With the date set, and the route designed to take in many of the roads which make cycling in Shropshire so special, the challenge was on. I knew we had half a dozen or so definites, but I really had no idea just how many would turn up on the day.

The day of the challenge dawned, and as I rolled down to No5 with @ASL191 and @TF2109, it looked like the weather was going to be kind to us as well. A little windy perhaps, but more importantly, dry and bright. As pre-ride espresso was consumed, riders kept arriving. Ten and counting and still more were turning up for the challenge. As we lined up for the group pre ride shot we had 17 riders. Just amazing, and a testament to just how far we’ve come.

As the saying goes, you can’t eat an elephant in one meal, and with this in mind I’d split the route up into manageable chunks interspersed with coffee and cake stops. Our first stop was another of our favourite coffee shop, the excellent Jones’ in Market Drayton. They handled the influx of cyclists admirably, and in no time at all, coffee, tea, and cake was served. Refuelled, it was time to get back on the bikes; we still had some way to go.

Spirits were high amongst the group and our progress was good. New acquaintances were made, and old ones renewed as we passed through Woore and Audlem and towards Lunch in Nantwich. We even ended up with a brass band playing to us as we had lunch in the sun.

With a total of 1700 miles being covered by the group, punctures are an inevitability, and sure enough we suffered our first. Fixed in double quick time, a second was quickly followed by a third. This was getting silly! Fortunately though this was to be out final mechanical issue of the day, and we were soon back on track.

Our final scheduled stop of the afternoon was Wem, and another favourite watering hole of ours, Joules’ Castle Hotel. #MaltedRecoveryBeverageConsumption completed, we were on our final leg. Shawbury passed, closely followed by Edgmond and Newport.

The Imperial Century mark was passed just as we passed under the M54 on the final sprint into town, but that didn’t stop some from doing a lap of the town. Just to be sure you understand ;¬)

With a post ride curry planned for the evening, the was only time for a very swift one in HQ. The mood was buoyant and it was fair to say that the challenge had been well and truly #Smashed. A massive thankyou to everyone who made this such a great day on the bikes!

So, what’s next? The bar has been set high…..

Vive la Velo


Thursday, 23 April 2015

Just Another Tuesday Night

As we climbed out of the gorge via Coalport Bank bathed in the early evening sun, all those dark and cold winter nights seemed an oh so distant memory. However, it was payback time, and we were reaping the reward from the work we’d put in over the winter months.

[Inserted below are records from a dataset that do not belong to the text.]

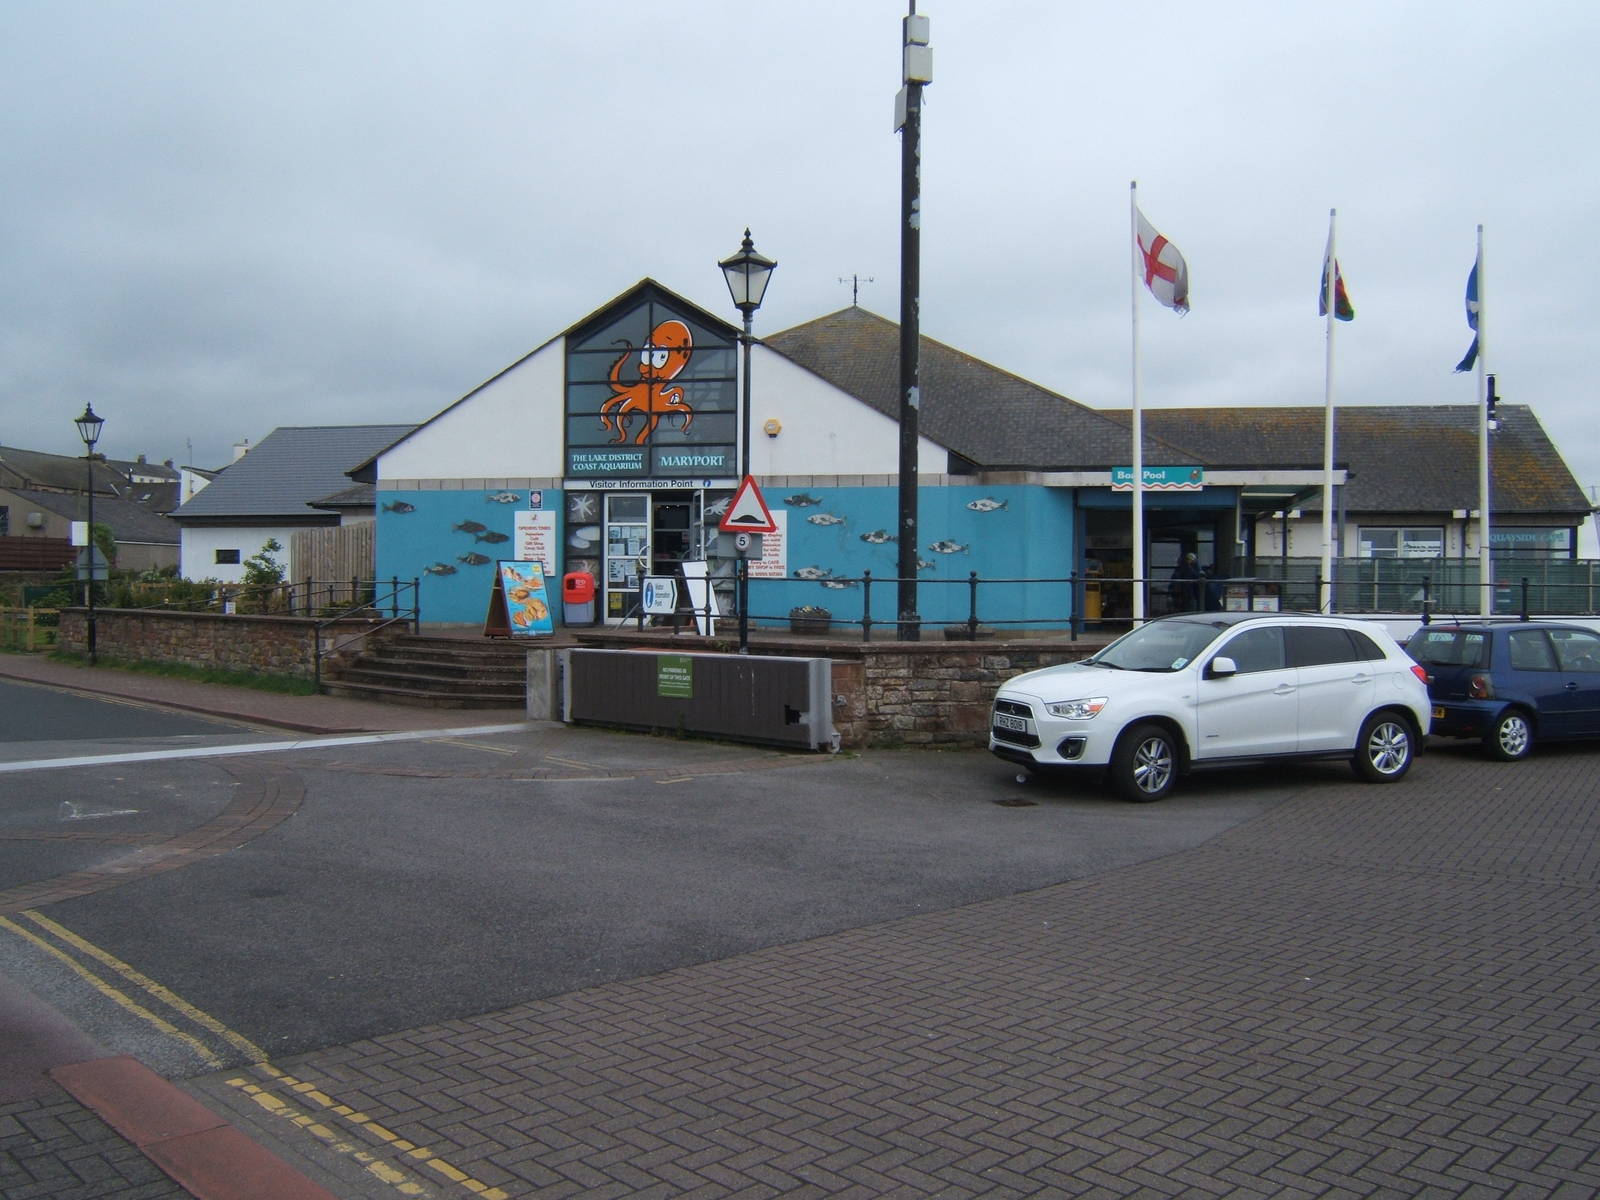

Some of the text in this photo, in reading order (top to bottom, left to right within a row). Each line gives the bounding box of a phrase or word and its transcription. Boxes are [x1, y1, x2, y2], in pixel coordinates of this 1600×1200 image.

[573, 453, 643, 462] THE LAKE DISTRICT
[661, 455, 725, 467] MARYPORT
[573, 462, 642, 471] COAST AQUARIUM
[1143, 471, 1166, 480] Pool
[590, 480, 693, 489] Visitor Information Point
[739, 536, 746, 546] 5

With @Daicycling riding the Tour of Pembrokeshire this coming weekend, it seemed only right to take in a few hills, and so after the pre ride coffees(just don’t mention the @SJ1202’s Iced Latte….) it was time to head south towards Coalport, Broseley and beyond. I’d a route in mind that involved many of our favourite climbs.

On the climb back up onto Wenlock Edge from Bourton, the initial group had split into two, with the breakaway featuring the grimpeurs, whilst the remainder were taking things at a more leisurely pace. We didn’t know it at the time, but the breakway’s fate was sealed when we suffered a puncture in the main group. Of course, no assistance was offered, or for that matter expected. Instead a steady stream of advice and guidance was shared with @SJ1202. To his credit he took it all in spirit in which it was intended.

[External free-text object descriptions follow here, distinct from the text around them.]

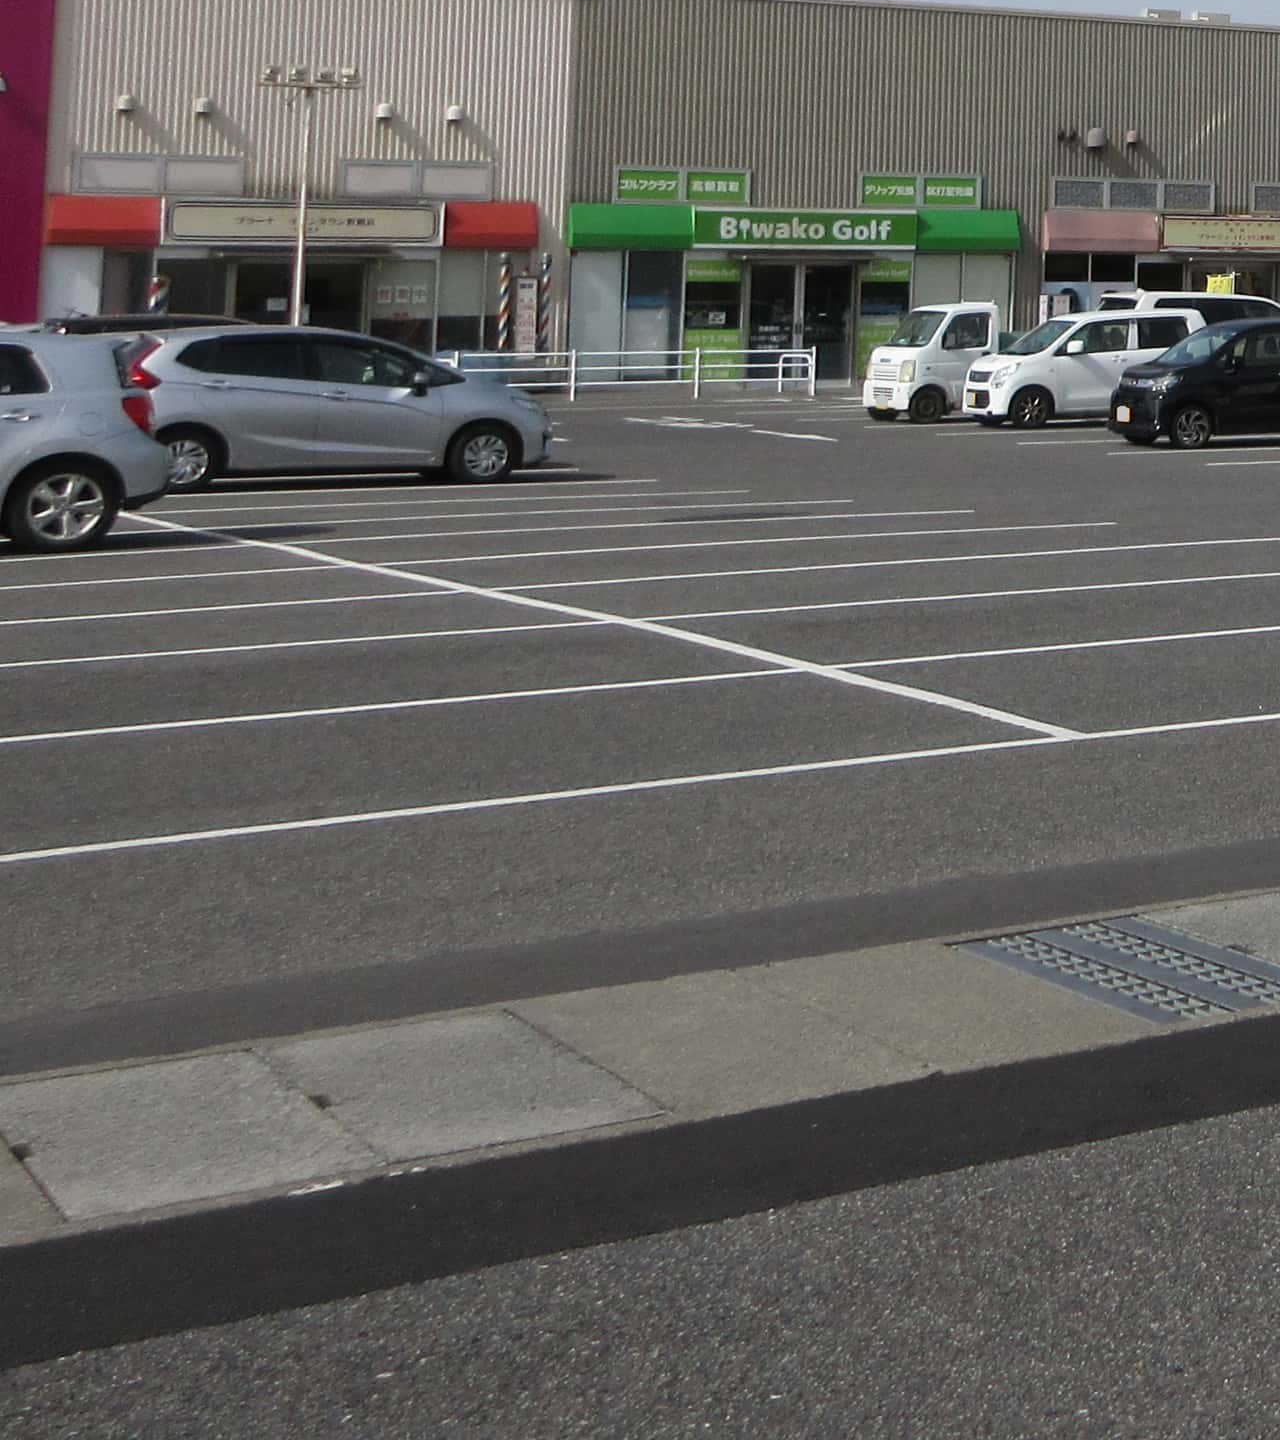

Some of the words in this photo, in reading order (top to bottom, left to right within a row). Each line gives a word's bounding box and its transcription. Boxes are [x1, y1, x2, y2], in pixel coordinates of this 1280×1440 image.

[619, 178, 677, 192] ゴルフクラブ
[720, 216, 825, 241] Biwako
[832, 217, 892, 242] Golf
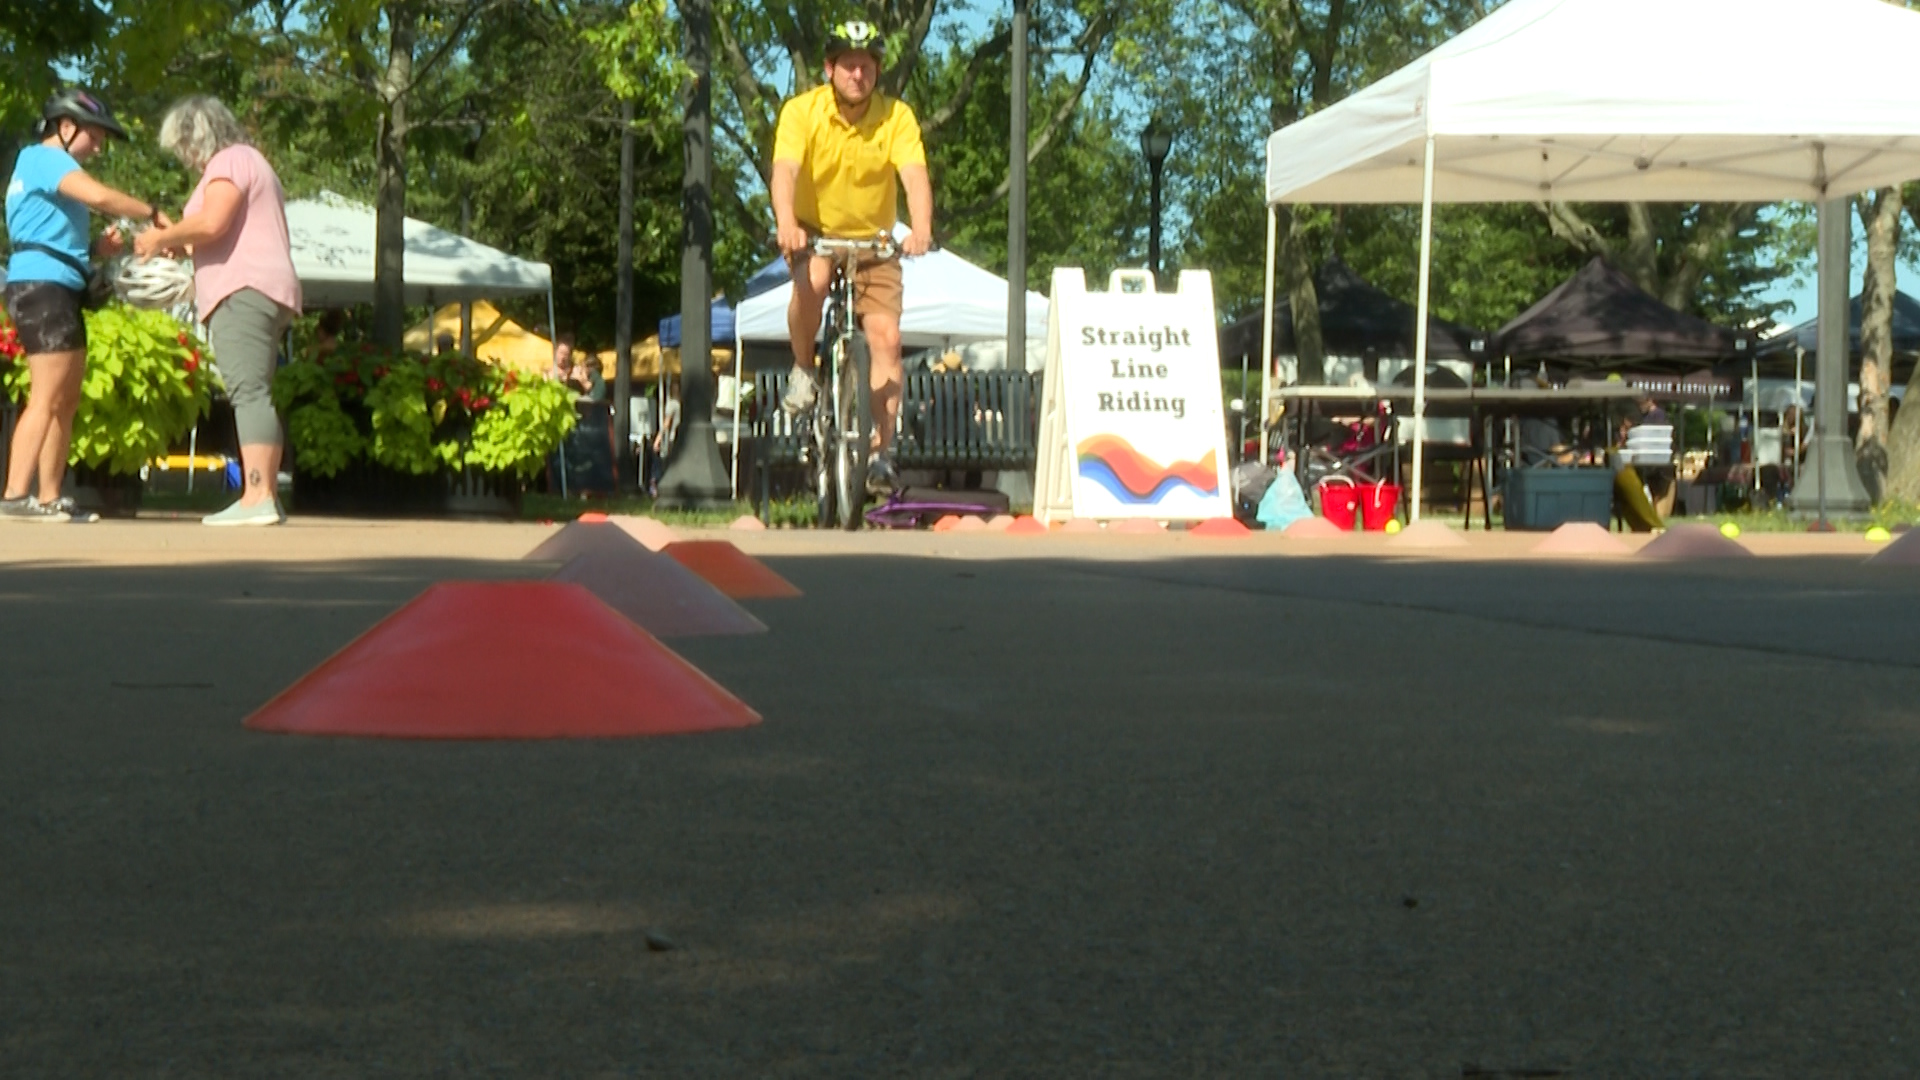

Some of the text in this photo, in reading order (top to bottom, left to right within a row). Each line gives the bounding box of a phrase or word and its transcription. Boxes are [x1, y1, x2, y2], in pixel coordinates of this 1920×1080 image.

[1081, 325, 1191, 352] Straight
[1111, 358, 1168, 379] Line
[1097, 391, 1186, 419] Riding

In no time at all we were back on the road, Cressage came and went, as did Ironbridge. On such a beautiful night it seemed only right to take a pitstop at the All Nations Arms on our way back out of the Gorge. As ever, the beer was excellent, and from there it was a short ride back to HQ.

The remainder of the breakaway group was waiting for us in HQ when we arrived, and as the inevitable post ride post mortem took place, the beer flowed freely, and the well-earned Cobs and Chips arrived. Tales of punctures and wrong turns were shared alongside the inevitable inane chatter that follows our regular Tuesday night rides.

Just another Tuesday night perhaps, but noteworthy all the same. A great ride, good beer, and a top group of lads.